At present methotrexate is believed to be the basic drug modifying the disease. The main mechanism of its action is inhibiting the production of interleukin 1 by monocytes and macrophages. Yet methotrexate alone rarely results in full remission, and the improvement is often below 50% [16]. It should then be combined with another drug so that its efficacy will be better. Cyclosporine A seems to be a good candidate for this purpose, since it mainly acts via inhibiting interleukin 2, 15 and TNF-alpha produced by T lymphocytes and synoviocytes. When used in monotherapy, cyclosporine A proved effective both in early and severe RA.

The most important problem is its nephrotoxicity, expressed by higher serum creatinine concentration and arterial hypertension. These complications can be managed when the dose of the drug is reduced. Many reports point out that even low dosage of the drug is able to delay erosion formation. Since methotrexate and cyclosporine A have different mechanisms of action, and their adverse effects do not overlap, when used together their effect may add up [6, 8, 12, 19-21]. Other combinations of basic drugs are also acceptable; it has been proved that their efficacy is higher whereas their toxicity is not. There is no consensus, though, on when and which combined treatment should be applied, and what should be the order in which drugs are combined. The experience in this field has been relatively small so far, and the findings are ambiguous [4, 5, 10, 13].

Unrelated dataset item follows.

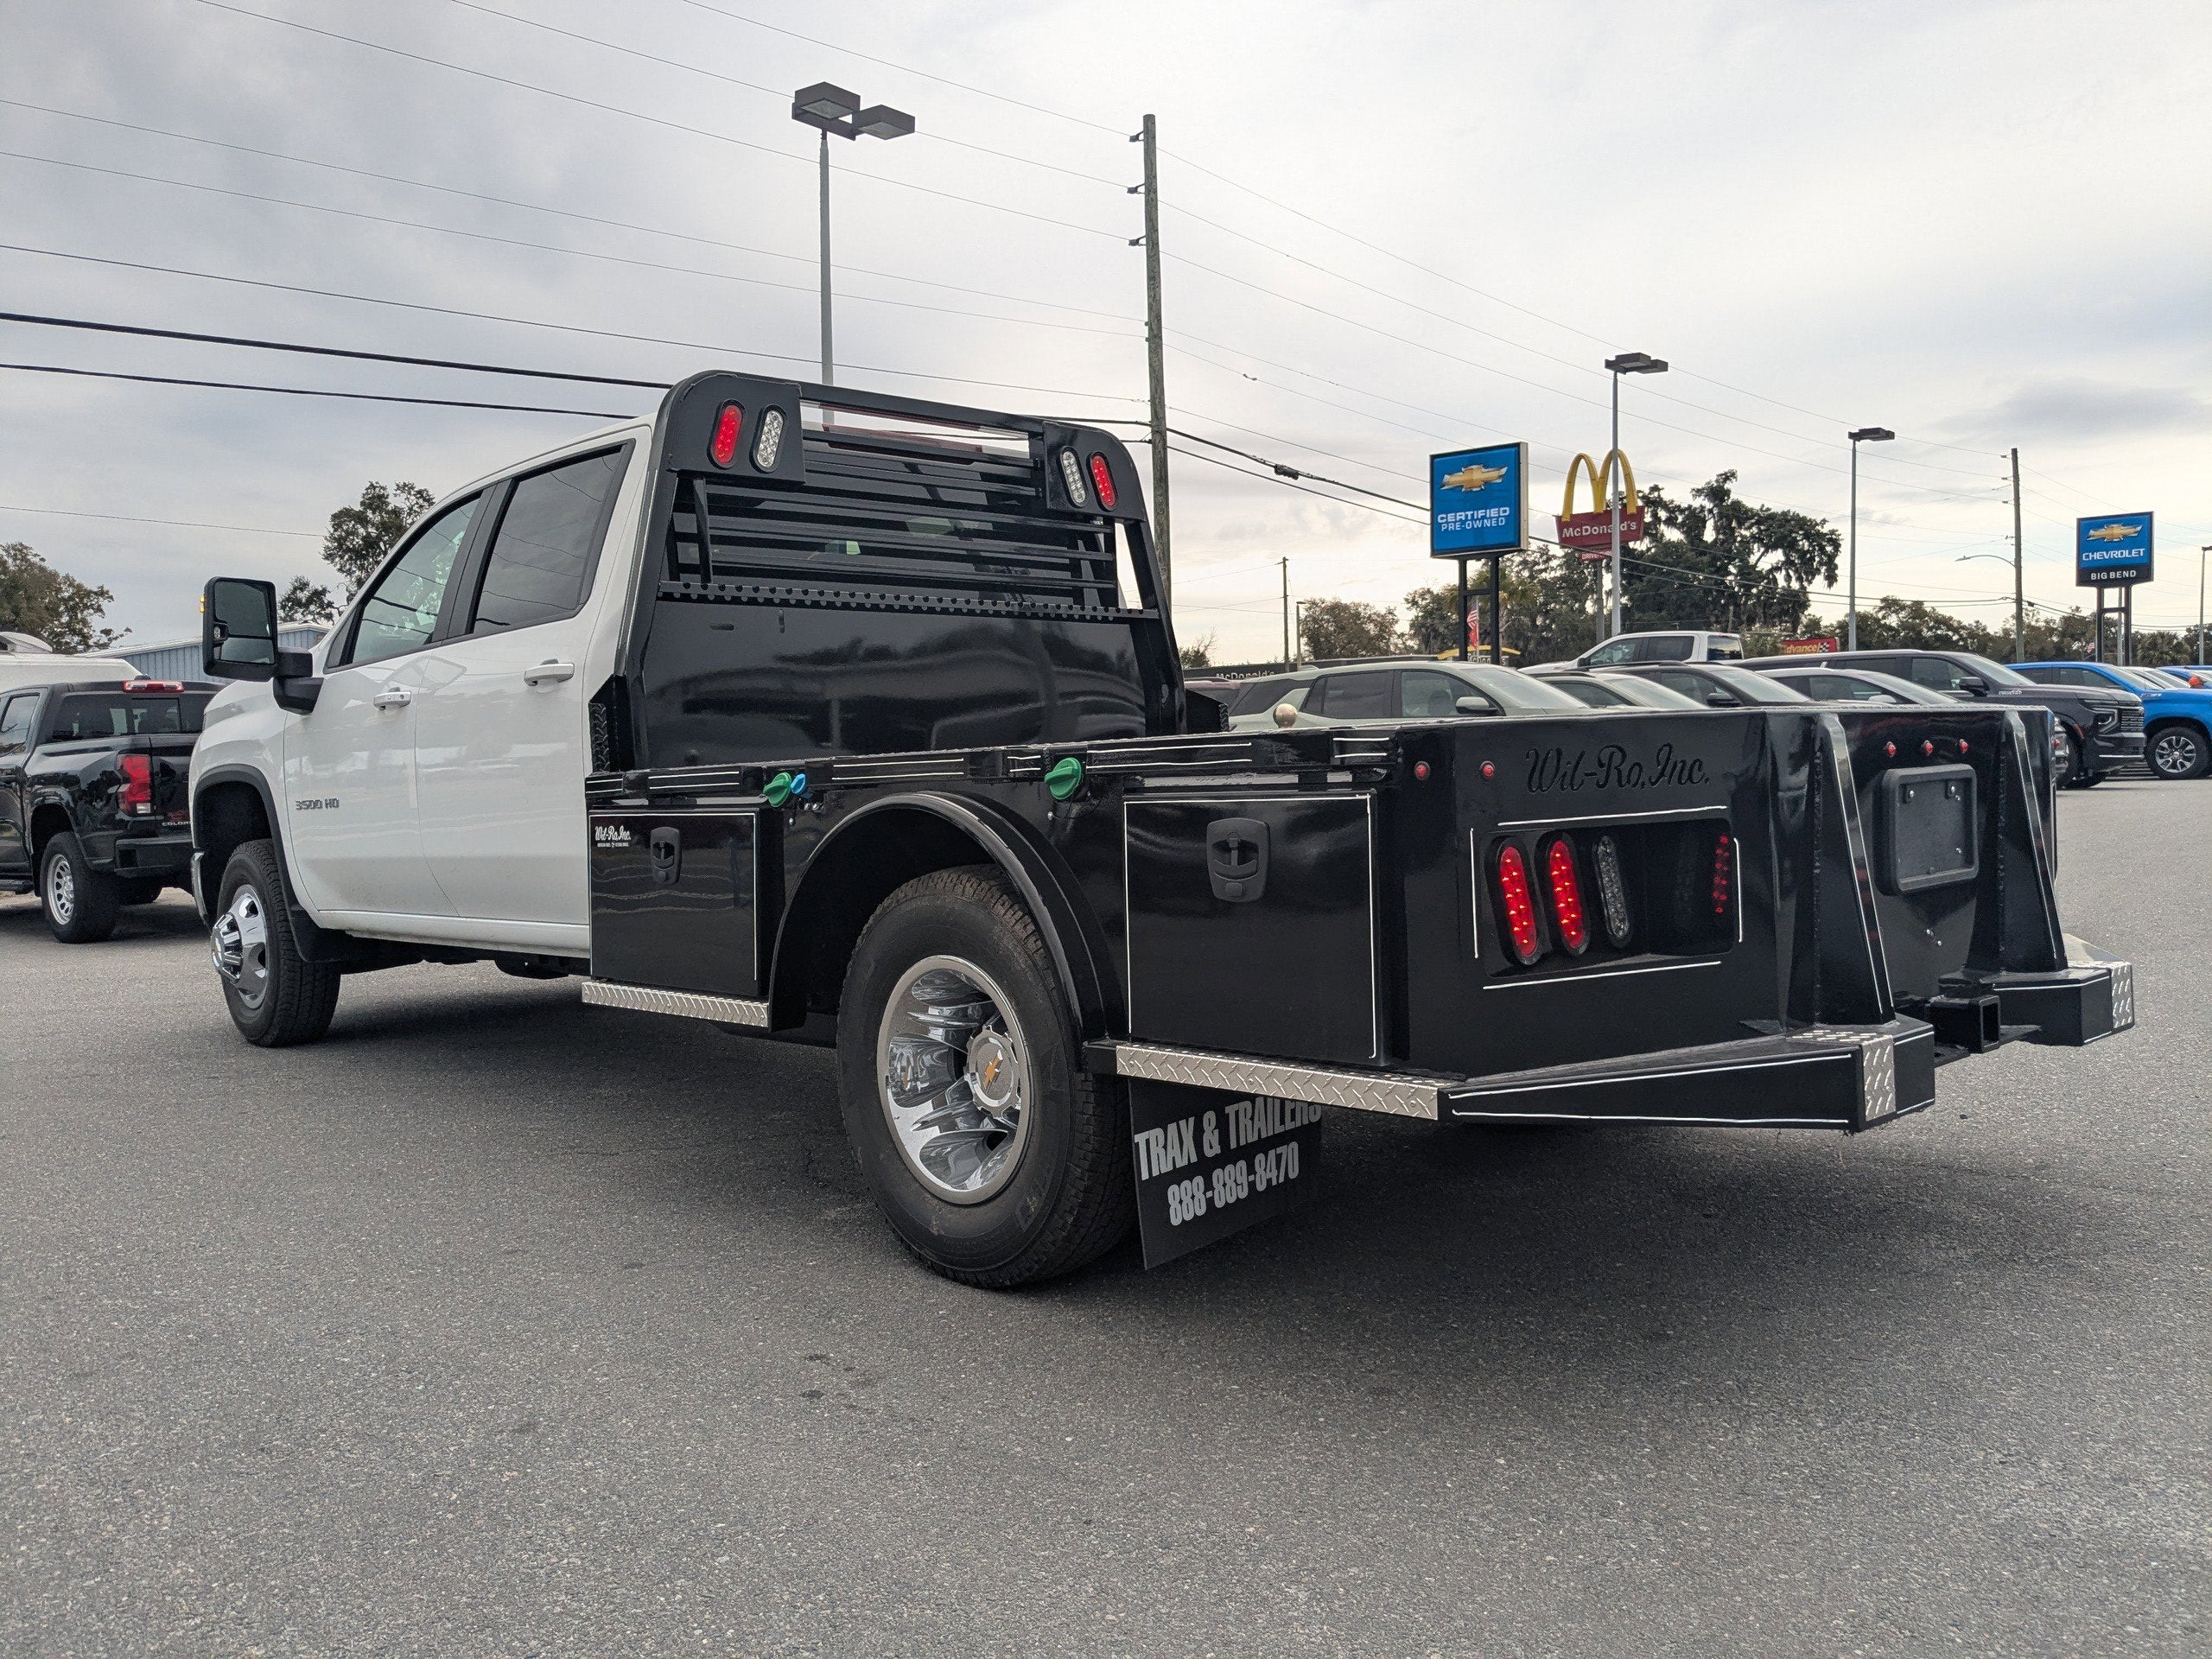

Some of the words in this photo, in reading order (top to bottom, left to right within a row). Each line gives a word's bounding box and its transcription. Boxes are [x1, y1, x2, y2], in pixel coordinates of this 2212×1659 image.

The aim of the present study was to assess whether adding cyclosporine to the treatment with another basic drug (when the latter proved not fully effective) will result in clinical remission, and whether it will increase adverse effects.

Material and methods

The study comprised 29 patients (21 women and 8 men) suffering from rheumatoid arthritis diagnosed according to ACR criteria who, despite a 6-month treatment with full doses of at least one basic drug, continued to manifest an active inflammatory process in the form of:
1) six or more painful joints;
2) six or more swollen joints;
3) disease activity being assessed by a patient at more than 50 mm out of 100 mm in the pain Visual Analogue Scale (VAS);
4) disease activity being assessed by a physician at more than 50 mm in this scale;
5) ESR more than 28 after one hour or CRP concentration more than 2.0 mg/dl.

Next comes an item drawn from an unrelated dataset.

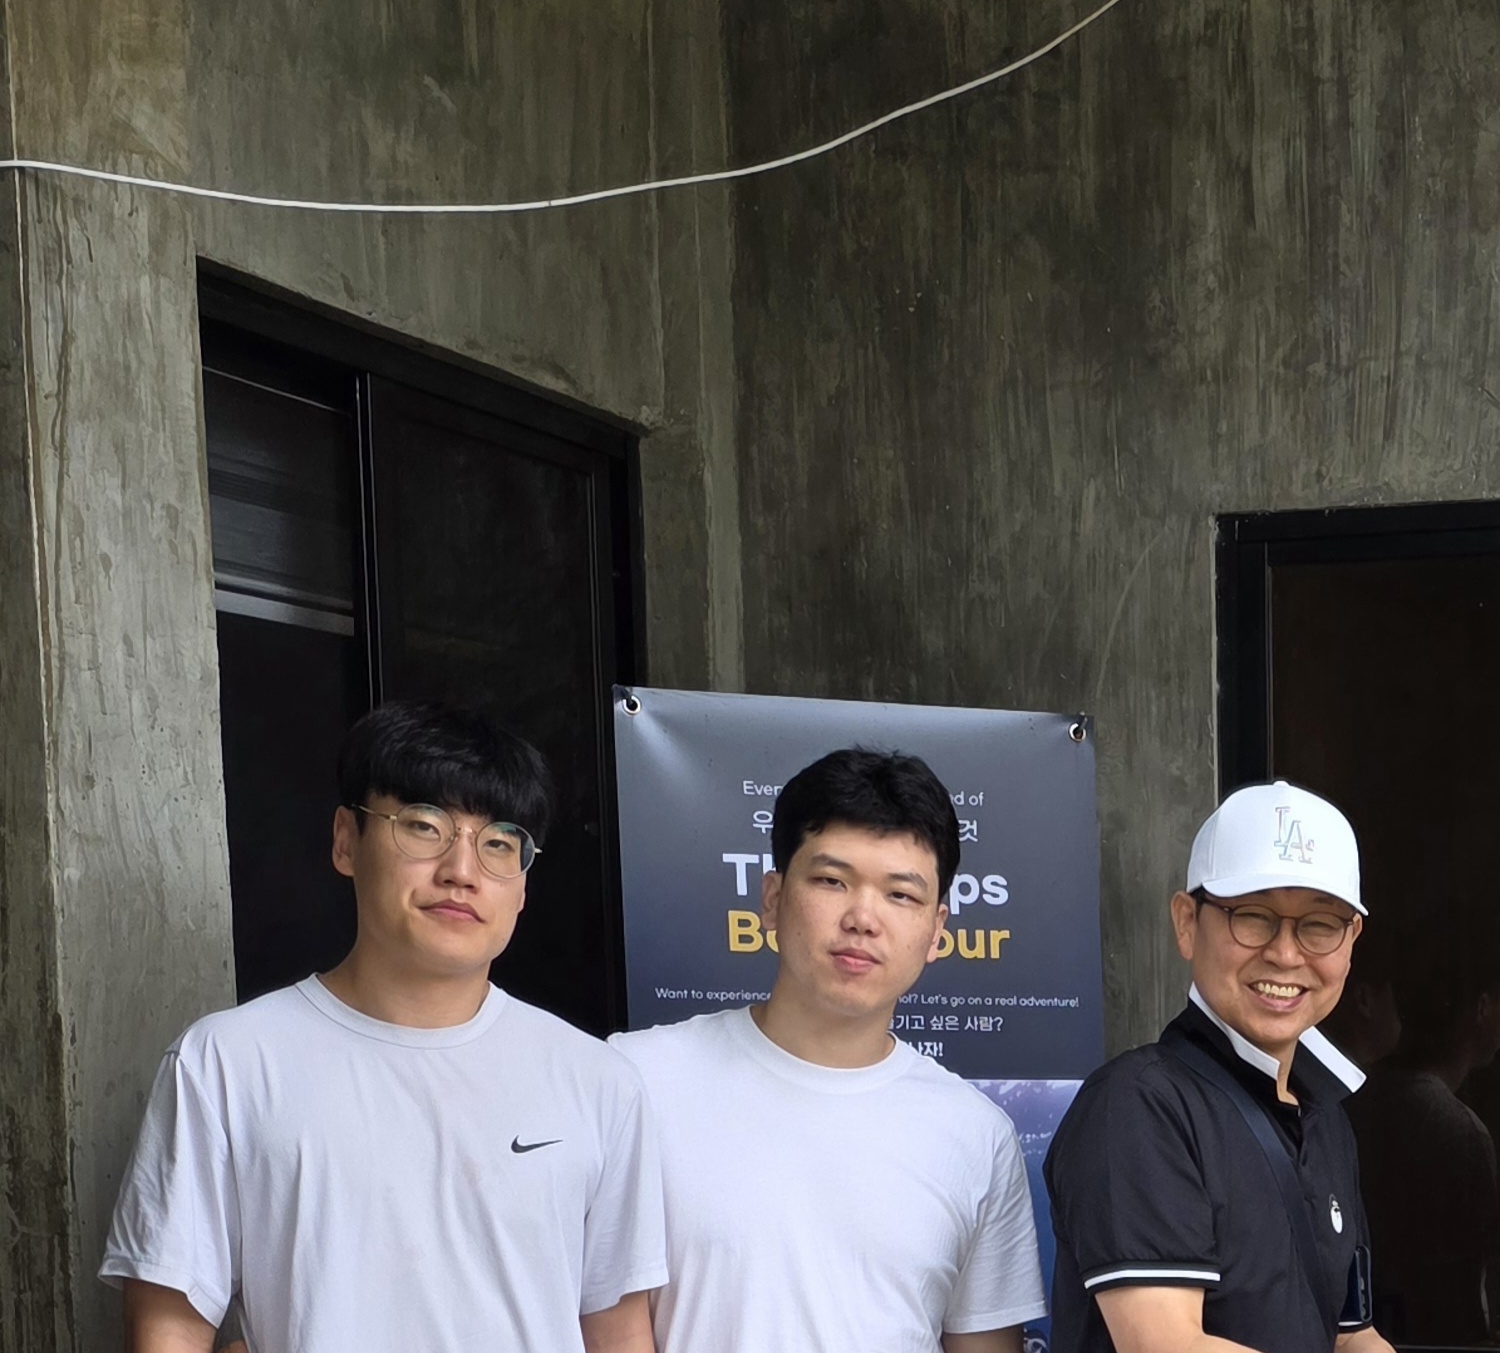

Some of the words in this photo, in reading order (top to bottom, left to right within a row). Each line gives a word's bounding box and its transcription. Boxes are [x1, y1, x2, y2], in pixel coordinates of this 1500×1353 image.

The criteria of exclusion from the study were as follows: previous treatment with cyclosporine, uncontrollable arterial hypertension, serum creatinine level over the standard 1.4 mg/dl. All the subjects included were treated at the Out-patient Clinic of the Department of Internal Diseases and Rheumatology of CSK MON.

The patients were aged between 18 and 81 years (mean 54.2), and the disease had lasted 2 to 27 years (mean 11.24). Radiographic examination of hand revealed lesions in Steinbrocker’s I in 4 subjects, II in 6, III in 12, and IV in 7. In the course of the disease Waaler and Rose test was positive in 24 subjects. At the time of inclusion all the patients were treated with steroids – the dose could not exceed calculated 15 mg of prednisolone per 24 hours, and it could be reduced to 10 mg/24h. If the dose had to be increased or another disease-modifying treatment introduced, the therapy with steroids was considered ineffective. Twelve patients were given methotrexate at 15-20 mg weekly, four – sulfasalazine at 2.0 g/24 h. The remaining 13 subjects were administered other basic drugs – one of them only prednisolone. The other 12 received drugs in combinations (methotrexate with sulfasalazine – 3, methotrexate with azathioprine – 1, methotrexate with chloroquine – 1, methotrexate with sulfasalazine and chloroquine – 1, methotrexate with chloroquine and pyritinol – 1, cyclophosphamide with chloroquine and pyritinol – 1, gold salts with pyritinol – 2, D-penicillamine with pyritinol – 1, sulfasalazine with pyritinol and chloroquine – 1).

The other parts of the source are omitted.